August 2019 – “Ands” Not “Buts”
This month’s TYM has a short description of “proper therapeutic grammar”, specifically, the deliberate use of “ands” instead of “buts”. With depression essentially eager to get us to split off from the world at large, the use of language is one of its tools to get us to peel away from what was, pre-depression, attractive and motivating. So, therefore, the use of language can also get us to reattach to the world and see it for what it is (but what depression has got us to forget), energized, rich, and full of potential.
May your summers or winters (depending on your hemisphere) be going well, and as always, may you be getting only the challenges you’re ready for, and take in all the supports that you have.
“Ands” Not “Buts”: The Importance of Therapeutic Grammar
If we think here about depression as a force with a mind of its own—and it’s a good way to think about it, because it’s actually the case—then one of its great superpowers is its strategic use of grammar. Not anything fancier than its manipulations of conjunctions, and with an even more particular emphasis on the use of “buts” rather than “ands”. But, although those words seem pretty innocuous, the difference makes a huge difference when we are deploying them unconsciously, as they essentially break any unity of our experience into a field of broken shards.
Now, why would depression focus on getting us to use “buts” and not “ands”? Well, as I have written elsewhere (link), depression is a defense mechanism that is reacting to times when we have attached to some goal or connection which is futile, i.e., which is impossible to achieve (or at least credibly feels that way). Depression is monitoring these situations because we only have so much energy to burn, and futile situations burn energy futilely. If we don’t get energy back from an ongoing engagement, then eventually we reach zero energy, which is a more technical way of saying, “we die.” And though that’s true, we don’t easily give up on goals that we’ve deeply attached to; a job promotion that we can see is really never going to happen, but which we have staked our self-worth on, is something that we are loathe to let the go of. So, depression, our very rough and harsh defender, comes up with strategies to keep this from happening, to get us to let go of these futile attachments when we really don’t want to.
One way depression pries our hands off that cherished but depleting goal is to exhaust our physical energy, making the goal impossible to pursue. But another, and arguably more powerful strategy, is to make the world itself—which includes our particular goal—look and feel unenticing. One way it does that is with negative self-talk, and embedded in that kind of internal narration is the view of a world which is denuded of worth, grey and deenergized, and fragmented and rejecting. The latter part is where it manipulates grammar: if it gets us to buy into a world in which things are only competing with, and negating, each other, rather than cooperating, it succeeds in making the world feel harsh, onerous, and ultimately impossible. In doing so, it gets us to drop our futile goal…and everything else at the same time. Depression is unapologetically unsubtle in its work.
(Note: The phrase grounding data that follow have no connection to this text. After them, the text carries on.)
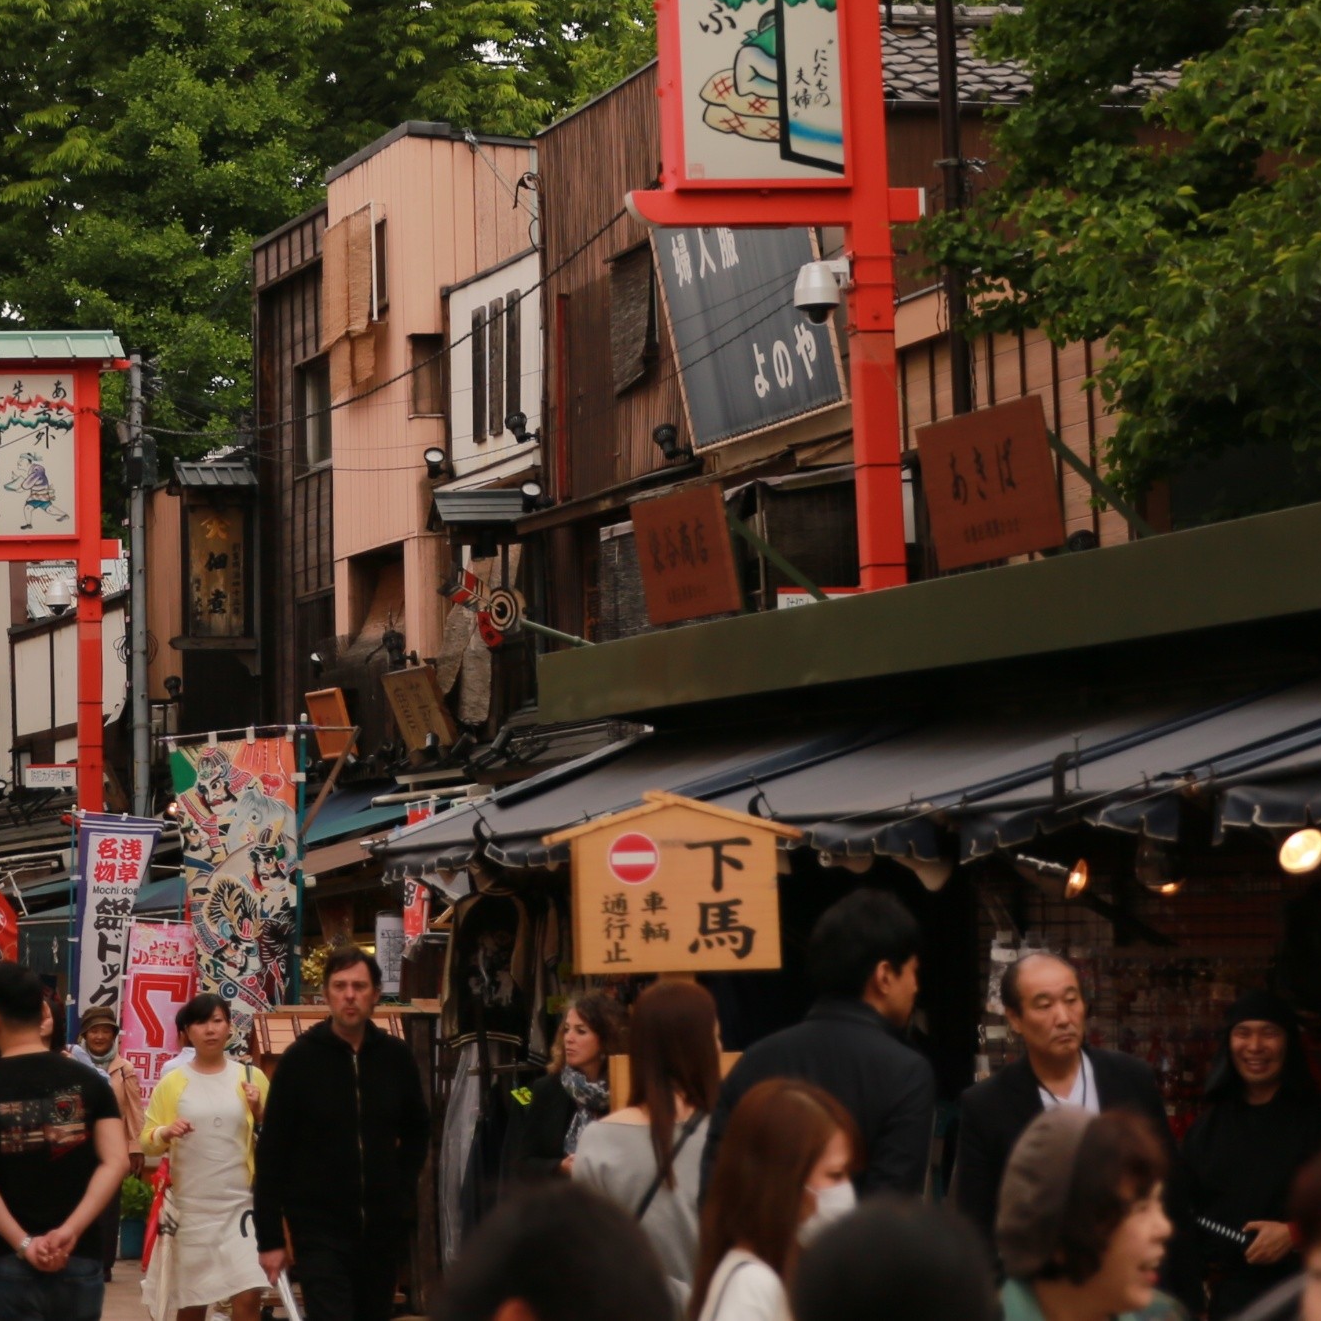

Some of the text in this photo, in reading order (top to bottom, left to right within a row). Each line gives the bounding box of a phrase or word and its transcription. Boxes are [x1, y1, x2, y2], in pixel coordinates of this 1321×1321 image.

[752, 321, 818, 399] よのや
[92, 884, 119, 895] Mochi
[93, 837, 119, 884] 名物
[116, 838, 143, 884] 浅草
[684, 836, 757, 960] 下馬
[601, 892, 633, 965] 通行止
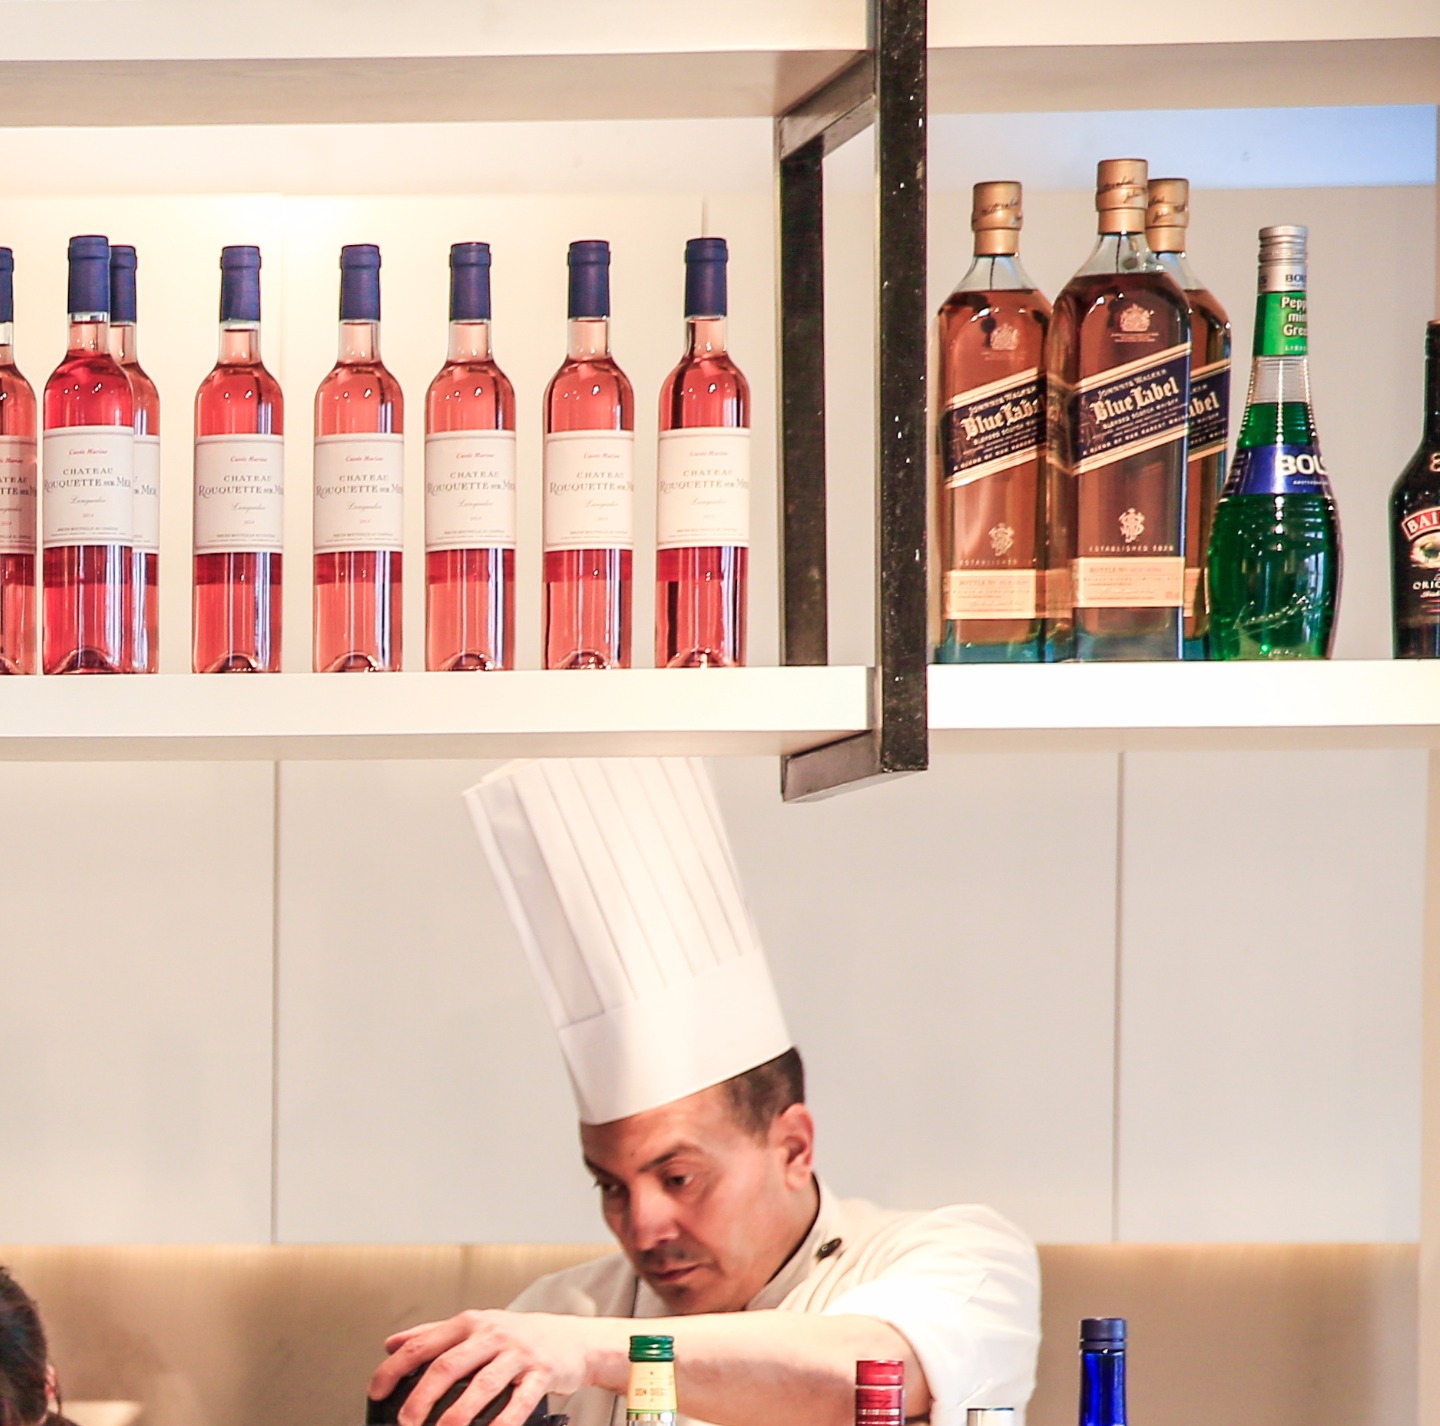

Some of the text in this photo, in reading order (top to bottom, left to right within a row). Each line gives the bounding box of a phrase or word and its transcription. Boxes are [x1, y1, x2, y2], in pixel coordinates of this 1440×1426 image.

Think about a typical depression statement: “My wife loves me, but I feel I’m undeserving.” Language matters, because when we are speaking or thinking it, effectively it acts as an external input to our systems, as if someone else were saying it. Part of us processes it anew, as if it were an observation rather than a declaration, and that part of us is pretty concrete: if it is told something, it will tend to take it for granted. So in this sentence, what is being said is that, yes, my wife does love me—that’s true, and we see that if we’re not so lost in the delusional dimension of depression—but that truth is negated by the fact (even if it’s being stated as a “feeling”) that I am undeserving. The effect is to prevent the fact of my wife’s love from affecting me, from getting into me and changing anything, which makes the outer world feel pointless and unassimilable. Yes, that love exists, but not to me, which supports depression’s goal of cutting us off from the world which, in our futile attachment to it, is seen as threatening to our existence.
If, however, we change that sentence to, “My wife loves me, and I feel I’m undeserving,” we get a very different declaration, and therefore a very different input back into our own systems. Because what is being said there is that two things are equally true and valid, and that the one is not negating the other. The external fact of my wife’s love now can be relevant to me, as well as the experience of feeling undeserving—we get to have both. Instead of being split off from the world, that humble “and” has reconnected us to the world. It has not resolved the ugly feeling of undeservingness, for sure, but it will be much easier to deal with when the world also includes the love of our spouse, than if it’s just wasteland and emptiness out and in there.
So, try to notice when you are speaking in depression’s language, lacing your simple comments with these nuclear-powered conjunctions, and then deliberately change the “but” to “and”. See how that feels, see what happens emotionally, cognitively, and somatically when you make that change. Prime your partner and friends to keep an eye on your usage, and like a good form of the strict school marm, keep you on track with proper (therapeutic) grammar. Of course, depression will attempt to poo-poo this, calling it contrived or hokey, or gaming up the actual reality (that life and you are clearly worthless), but as a part of the puzzle in curing depression, it’s a remarkably potent piece not to miss.